— What is being asked —
Write out nothing except the lines running from the one containing "this 2048×922 image." to the last line of the data, exactly as they stand.

— Material for the task —

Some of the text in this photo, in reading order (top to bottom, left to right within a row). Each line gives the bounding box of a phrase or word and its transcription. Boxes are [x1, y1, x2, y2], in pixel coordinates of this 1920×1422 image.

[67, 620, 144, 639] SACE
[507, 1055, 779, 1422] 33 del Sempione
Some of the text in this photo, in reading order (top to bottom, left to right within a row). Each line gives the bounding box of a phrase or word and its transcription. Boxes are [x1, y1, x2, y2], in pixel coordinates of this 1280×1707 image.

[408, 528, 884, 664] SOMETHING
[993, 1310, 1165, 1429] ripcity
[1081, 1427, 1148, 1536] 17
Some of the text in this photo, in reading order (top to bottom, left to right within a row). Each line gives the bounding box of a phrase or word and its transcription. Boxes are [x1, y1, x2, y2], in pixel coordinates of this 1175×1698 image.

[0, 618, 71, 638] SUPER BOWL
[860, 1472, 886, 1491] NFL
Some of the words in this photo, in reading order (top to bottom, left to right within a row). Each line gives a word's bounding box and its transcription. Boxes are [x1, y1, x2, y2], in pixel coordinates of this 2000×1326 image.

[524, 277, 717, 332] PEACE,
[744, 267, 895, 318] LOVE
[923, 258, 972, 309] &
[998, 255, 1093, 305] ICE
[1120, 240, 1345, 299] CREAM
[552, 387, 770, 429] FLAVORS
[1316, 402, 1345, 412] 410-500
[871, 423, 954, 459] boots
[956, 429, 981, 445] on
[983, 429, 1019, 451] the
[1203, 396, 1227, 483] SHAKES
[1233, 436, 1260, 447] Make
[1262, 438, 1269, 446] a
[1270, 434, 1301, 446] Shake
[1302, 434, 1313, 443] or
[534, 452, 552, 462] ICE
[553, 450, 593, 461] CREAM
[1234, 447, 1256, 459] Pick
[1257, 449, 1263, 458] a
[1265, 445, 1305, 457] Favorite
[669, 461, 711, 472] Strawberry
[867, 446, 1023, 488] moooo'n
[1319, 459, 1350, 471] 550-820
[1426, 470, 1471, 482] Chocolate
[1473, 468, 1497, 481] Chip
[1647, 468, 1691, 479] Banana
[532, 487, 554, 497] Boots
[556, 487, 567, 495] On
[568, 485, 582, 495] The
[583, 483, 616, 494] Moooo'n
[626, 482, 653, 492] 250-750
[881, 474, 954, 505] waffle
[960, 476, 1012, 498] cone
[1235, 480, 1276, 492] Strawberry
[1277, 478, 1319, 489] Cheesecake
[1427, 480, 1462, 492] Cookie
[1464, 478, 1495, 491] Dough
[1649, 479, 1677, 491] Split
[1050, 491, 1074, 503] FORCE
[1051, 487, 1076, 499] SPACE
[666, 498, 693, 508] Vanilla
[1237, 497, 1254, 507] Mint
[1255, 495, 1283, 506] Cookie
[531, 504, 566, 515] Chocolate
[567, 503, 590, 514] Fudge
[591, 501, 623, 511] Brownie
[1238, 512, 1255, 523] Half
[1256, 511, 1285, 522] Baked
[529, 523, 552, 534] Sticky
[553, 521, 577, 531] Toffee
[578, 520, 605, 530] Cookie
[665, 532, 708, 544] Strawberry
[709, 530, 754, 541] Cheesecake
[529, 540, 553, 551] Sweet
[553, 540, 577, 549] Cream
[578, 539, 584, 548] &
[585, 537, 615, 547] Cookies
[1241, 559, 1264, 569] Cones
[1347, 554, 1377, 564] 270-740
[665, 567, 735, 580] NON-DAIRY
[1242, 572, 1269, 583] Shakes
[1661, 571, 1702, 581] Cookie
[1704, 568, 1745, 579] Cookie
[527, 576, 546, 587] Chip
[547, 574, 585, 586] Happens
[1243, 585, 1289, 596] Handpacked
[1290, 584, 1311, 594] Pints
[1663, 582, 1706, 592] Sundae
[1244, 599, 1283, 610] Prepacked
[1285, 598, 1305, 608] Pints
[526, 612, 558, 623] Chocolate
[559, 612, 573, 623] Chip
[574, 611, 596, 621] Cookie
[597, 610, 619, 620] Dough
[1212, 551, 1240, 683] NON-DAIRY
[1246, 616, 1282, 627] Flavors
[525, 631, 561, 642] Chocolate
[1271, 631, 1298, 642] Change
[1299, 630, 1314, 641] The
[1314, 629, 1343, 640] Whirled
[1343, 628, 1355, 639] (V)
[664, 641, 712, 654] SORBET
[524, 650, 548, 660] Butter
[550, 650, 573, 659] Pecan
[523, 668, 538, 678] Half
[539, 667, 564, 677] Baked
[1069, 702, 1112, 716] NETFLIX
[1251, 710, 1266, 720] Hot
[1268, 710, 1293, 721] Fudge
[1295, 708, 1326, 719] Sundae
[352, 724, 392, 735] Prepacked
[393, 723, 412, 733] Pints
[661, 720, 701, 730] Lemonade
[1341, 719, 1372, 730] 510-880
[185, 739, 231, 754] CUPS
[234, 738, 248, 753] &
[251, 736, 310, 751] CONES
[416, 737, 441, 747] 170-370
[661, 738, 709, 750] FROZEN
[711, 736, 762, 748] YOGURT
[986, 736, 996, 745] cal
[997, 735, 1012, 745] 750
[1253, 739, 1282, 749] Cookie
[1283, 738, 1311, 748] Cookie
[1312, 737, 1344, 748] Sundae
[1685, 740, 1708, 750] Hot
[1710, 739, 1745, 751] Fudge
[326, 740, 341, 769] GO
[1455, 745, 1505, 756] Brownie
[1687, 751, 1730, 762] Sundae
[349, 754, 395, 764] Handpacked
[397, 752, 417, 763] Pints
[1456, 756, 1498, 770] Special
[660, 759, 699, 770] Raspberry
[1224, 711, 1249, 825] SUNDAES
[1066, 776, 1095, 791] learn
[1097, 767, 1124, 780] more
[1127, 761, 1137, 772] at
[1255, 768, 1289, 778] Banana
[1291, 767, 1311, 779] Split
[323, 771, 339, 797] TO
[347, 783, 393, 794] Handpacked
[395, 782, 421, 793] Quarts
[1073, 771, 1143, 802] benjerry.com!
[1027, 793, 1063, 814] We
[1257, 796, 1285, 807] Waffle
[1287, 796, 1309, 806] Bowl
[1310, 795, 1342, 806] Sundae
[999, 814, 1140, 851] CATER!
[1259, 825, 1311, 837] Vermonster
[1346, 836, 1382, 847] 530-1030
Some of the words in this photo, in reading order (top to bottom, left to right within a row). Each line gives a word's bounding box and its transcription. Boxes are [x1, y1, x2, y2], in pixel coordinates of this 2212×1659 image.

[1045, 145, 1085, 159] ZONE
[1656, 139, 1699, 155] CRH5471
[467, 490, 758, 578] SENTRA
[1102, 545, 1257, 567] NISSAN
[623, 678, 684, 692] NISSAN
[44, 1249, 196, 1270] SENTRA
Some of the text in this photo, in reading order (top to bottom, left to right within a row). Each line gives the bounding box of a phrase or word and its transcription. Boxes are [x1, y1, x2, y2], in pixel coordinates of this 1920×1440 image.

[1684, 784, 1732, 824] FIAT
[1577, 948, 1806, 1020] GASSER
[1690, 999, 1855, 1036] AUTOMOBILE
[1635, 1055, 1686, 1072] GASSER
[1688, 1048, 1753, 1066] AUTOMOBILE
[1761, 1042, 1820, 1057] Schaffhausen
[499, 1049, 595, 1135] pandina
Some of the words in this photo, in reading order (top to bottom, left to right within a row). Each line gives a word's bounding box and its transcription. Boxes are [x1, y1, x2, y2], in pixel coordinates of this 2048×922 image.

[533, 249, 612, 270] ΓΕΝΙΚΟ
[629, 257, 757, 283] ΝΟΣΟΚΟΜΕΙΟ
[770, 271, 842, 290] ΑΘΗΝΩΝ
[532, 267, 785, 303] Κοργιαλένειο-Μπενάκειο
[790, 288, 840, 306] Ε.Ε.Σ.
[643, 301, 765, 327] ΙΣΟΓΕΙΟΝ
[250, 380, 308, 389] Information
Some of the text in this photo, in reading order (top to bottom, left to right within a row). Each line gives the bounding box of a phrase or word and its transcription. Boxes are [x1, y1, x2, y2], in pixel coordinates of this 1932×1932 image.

— Response to this exercise —
Some of the words in this photo, in reading order (top to bottom, left to right within a row). Each line gives a word's bounding box and its transcription. Boxes are [x1, y1, x2, y2], in pixel coordinates of this 2048×922 image.

[533, 249, 612, 270] ΓΕΝΙΚΟ
[629, 257, 757, 283] ΝΟΣΟΚΟΜΕΙΟ
[770, 271, 842, 290] ΑΘΗΝΩΝ
[532, 267, 785, 303] Κοργιαλένειο-Μπενάκειο
[790, 288, 840, 306] Ε.Ε.Σ.
[643, 301, 765, 327] ΙΣΟΓΕΙΟΝ
[250, 380, 308, 389] Information
Some of the text in this photo, in reading order (top to bottom, left to right within a row). Each line gives the bounding box of a phrase or word and its transcription. Boxes are [x1, y1, x2, y2], in pixel coordinates of this 1932×1932 image.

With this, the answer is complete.